The UFCW and its local unions first sued over the issue about 25 years ago when FSIS began pilot programs for poultry and swine inspection reforms.

U.S. District Court Judge Joan N. Ericksen has scheduled Jan. 27 to hear the motion filed by the Department of Justice (DOJ) attorneys representing USDA.

Ericksen is a former Minnesota Supreme Court judge who was appointed to the federal bench by President George W. Bush.

Ericksen is on “senior status,” meaning she remains active, but with a reduced caseload. The Other Fake Meat: Impossible Foods’ Big Reveal

The DOJ has presented the judge with a 43-page motion for dismissal of UFCW v. USDA. The government attorneys argue that the union plaintiffs lack standing to sue and fail to state a claim for which there can be any relief.

The dismissal document says:

“In the mid-1990s, the agency began implementing a pilot program designed to realign its inspection resources to steer its food safety mission to focus more on combatting foodborne pathogens not visible on carcasses, and to place additional onus on swine (as well as poultry) slaughter establishments to ensure that federal meat inspectors are presented with healthier animals for antemortem inspection and carcasses with fewer visible defects for inspection on evisceration lines.”

Attorneys for the unions are not going to be unprepared for the dismissal hearings. They’ve filed a 53-page response opposing dismissal around their two main issues: line speeds and inspector numbers. Asian Tourists Keep Smuggling Banned Pork

The New Swine Slaughter Inspection System (NSIS) became optional for market hog establishments in October 2019, and a pilot program, known as HIMP, spanned more than two decades.

It was 24 years ago that “FSIS launched an initiative designed to target its resources to address the public health risks associated with foodborne pathogens not detectable through traditional organoleptic inspection.”

“The agency first published (in 1996) a final rule requiring establishments to develop a system of preventive controls designed to ensure their products are safe, known as a hazard analysis and critical control point (HACCP) system,” the dismissal motion states.

It says the HACCP initiative marked a paradigm shift in FSIS’s approach to fulfilling its statutory responsibilities, placing greater onus on establishments to ensure product safety while allowing them the flexibility to determine the optimal way to comply with FSIS’s food safety program.

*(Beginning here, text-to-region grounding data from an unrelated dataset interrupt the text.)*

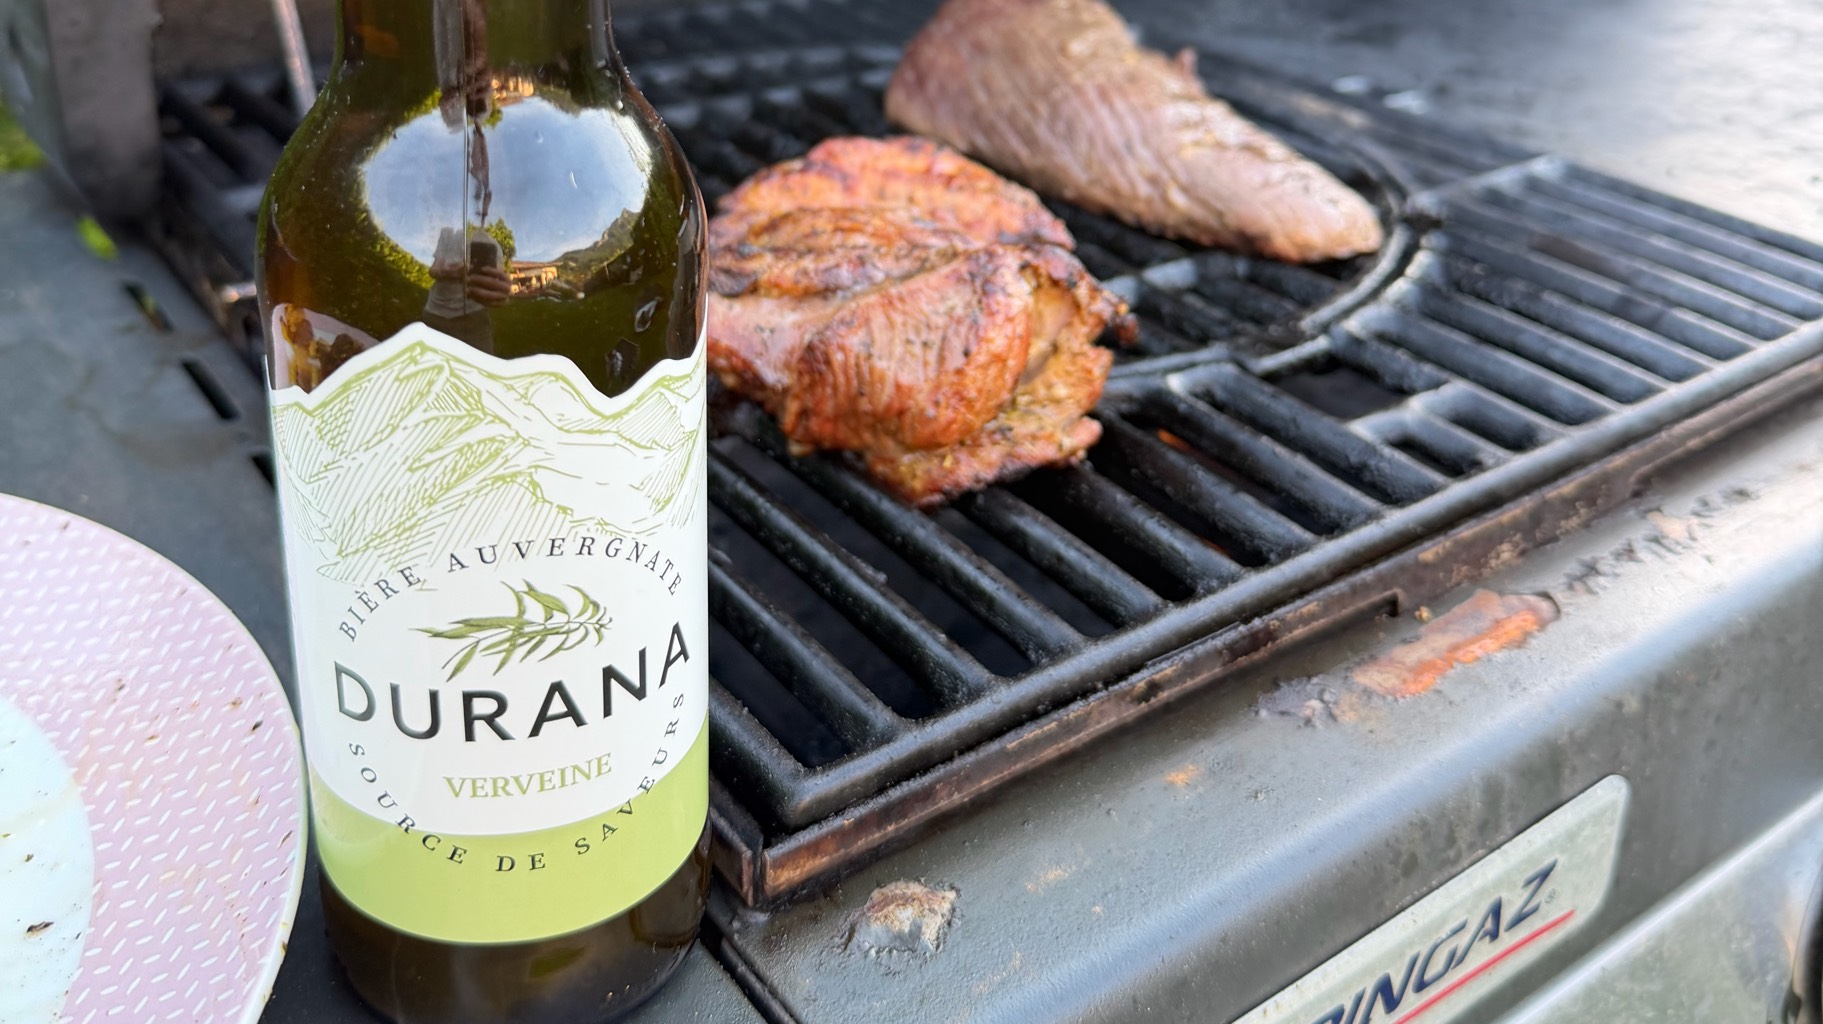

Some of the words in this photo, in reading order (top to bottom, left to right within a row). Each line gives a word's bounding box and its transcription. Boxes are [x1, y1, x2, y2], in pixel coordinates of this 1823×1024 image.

[339, 566, 421, 642] BIÈRE
[447, 536, 683, 597] AUVERGNATE
[334, 621, 690, 743] DURANA
[349, 742, 467, 864] SOURCE
[495, 853, 546, 872] DE
[574, 692, 684, 856] SAVEURS
[443, 753, 612, 799] VERVEINE

“The HIMP pilot was created to, among other things, correct the ‘major problem’ that “slaughter establishments have come to rely upon FSIS personnel to sort acceptable from unacceptable product” and “have no mandate or incentive to remove carcasses and parts before presentation for inspection,” it continues.

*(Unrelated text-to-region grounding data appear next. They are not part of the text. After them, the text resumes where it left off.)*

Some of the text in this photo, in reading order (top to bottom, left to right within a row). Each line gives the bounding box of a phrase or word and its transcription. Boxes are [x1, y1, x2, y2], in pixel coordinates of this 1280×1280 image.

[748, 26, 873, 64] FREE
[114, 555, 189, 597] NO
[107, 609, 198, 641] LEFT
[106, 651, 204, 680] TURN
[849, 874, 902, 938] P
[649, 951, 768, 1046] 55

“The HIMP pilot was created to, among other things, correct the “major problem” that “slaughter establishments have come to rely upon FSIS personnel to sort acceptable from unacceptable product” and “have no mandate or incentive to remove carcasses and parts prior to presentation for inspection.”

DOJ also points out that:

  • FSIS observed that the traditional inspection system thus resulted in “FSIS’ [s] resources [being used] inappropriately and inefficiently [to] . . . take on the industry’s responsibility for finding defects, identifying corrective actions, and solving production control problems.”
  • Moreover, as a result of this inefficient allocation of resources, the traditional inspection system did “not permit FSIS to allocate resources according to public health risk.”
  • The traditional system was designed when animal diseases detectable by the organoleptic inspection were more prevalent. Significant advances in disease control and the slaughtering of livestock at younger ages have since changed that.
  • Accordingly, the HIMP pilot systems were tested with the goal of improving food safety and inspection effectiveness, reducing the risk of foodborne illness, promoting industry innovation, and more efficiently utilizing FSIS resources.